Die Bundesligisten TV Ingersoll Bühl und Netzhoppers KW-Bestensee bangen um die Lizenz für die kommende Spielzeit.

Wie der Liga-Ausschuss des Deutschen Volleyball-Verbandes (DVV) am Freitag mitteilte, müssen beide Vereine eine Nachlizenzierung bestehen, um auch in der Saison 2015/16 in der deutschen Eliteklasse starten zu dürfen.

Gleiches gilt für den Frauen-Erstligisten Köpenicker SC, der die Lizenz ebenfalls nur unter Vorbehalt erhielt.

Bereits in der Hauptrunde der vergangenen Saison waren den Berlinerinnen vom Lizenzierungs-Ausschuss sechs Punkte abgezogen worden.

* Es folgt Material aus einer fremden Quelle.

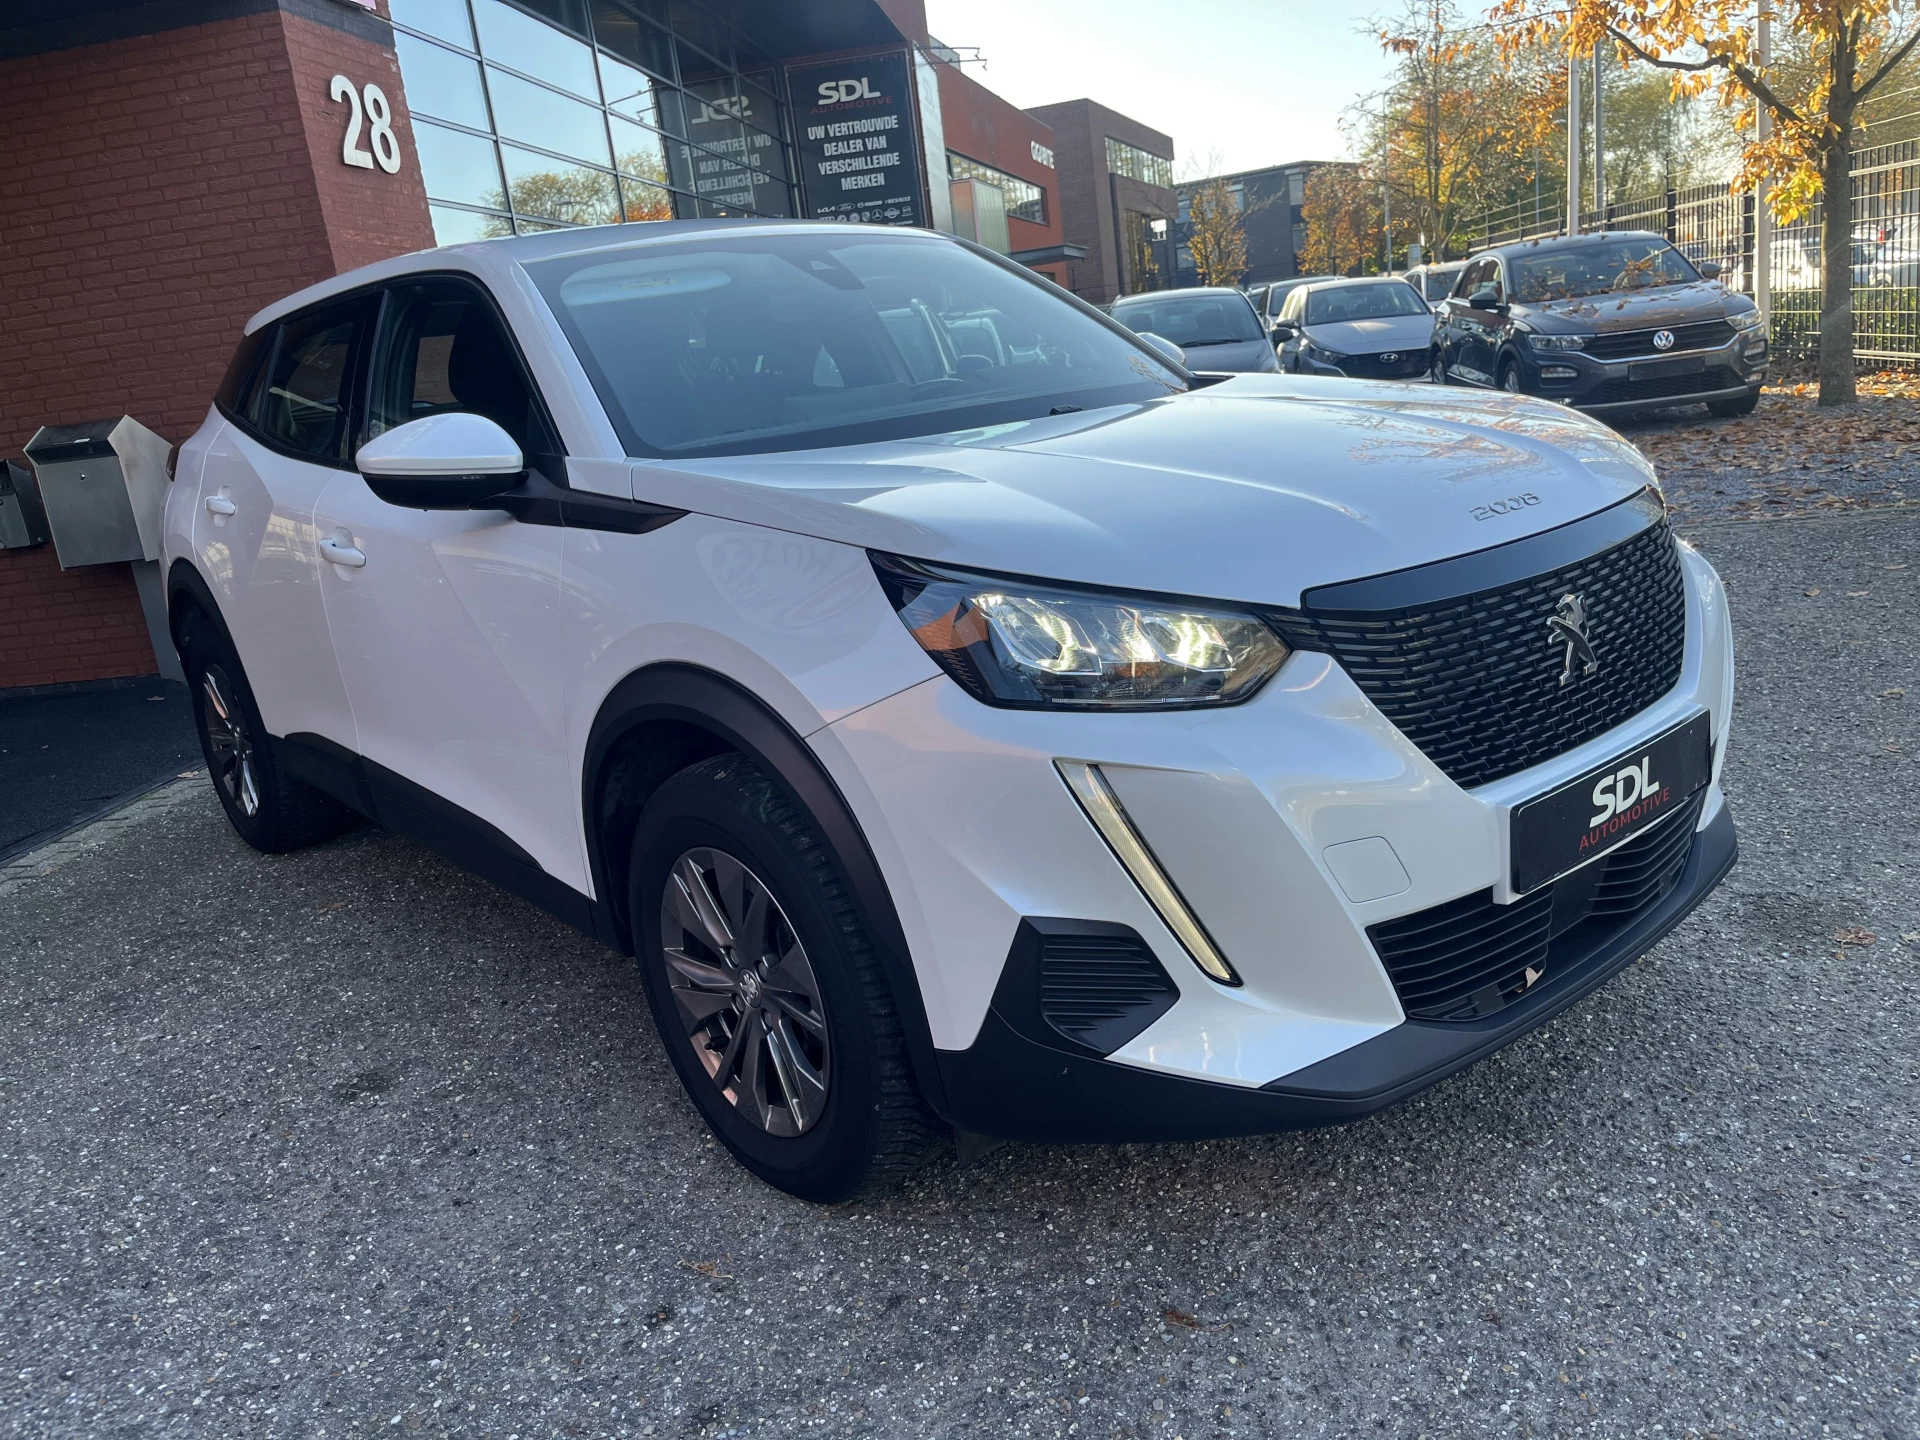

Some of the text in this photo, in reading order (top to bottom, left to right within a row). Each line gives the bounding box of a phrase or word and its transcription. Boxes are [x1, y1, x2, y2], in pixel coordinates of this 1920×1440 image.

Der Hauptstadtklub war daraufhin sportlich aus der Liga abgestiegen, bewarb sich allerdings dennoch erneut für die Teilnahme an Liga eins.

In der Herren-Bundesliga war dem VC Dresden nach dessen Insolvenzantrag im Dezember mit sofortiger Wirkung die Lizenz entzogen worden.

Liga-Geschäftsführer Klaus-Peter Jung sprach trotz der Sorgenfälle von einem "ordentlichen Ergebnis".

Sieben der insgesamt 23 Antragssteller hatten die Prüfungen ihrer Wirtschaftlichkeit "ohne Auflagen" gemeistert, fünf Vereine mit "moderaten Auflagen" und acht Vereine erhielten "Bedingungen und Auflagen".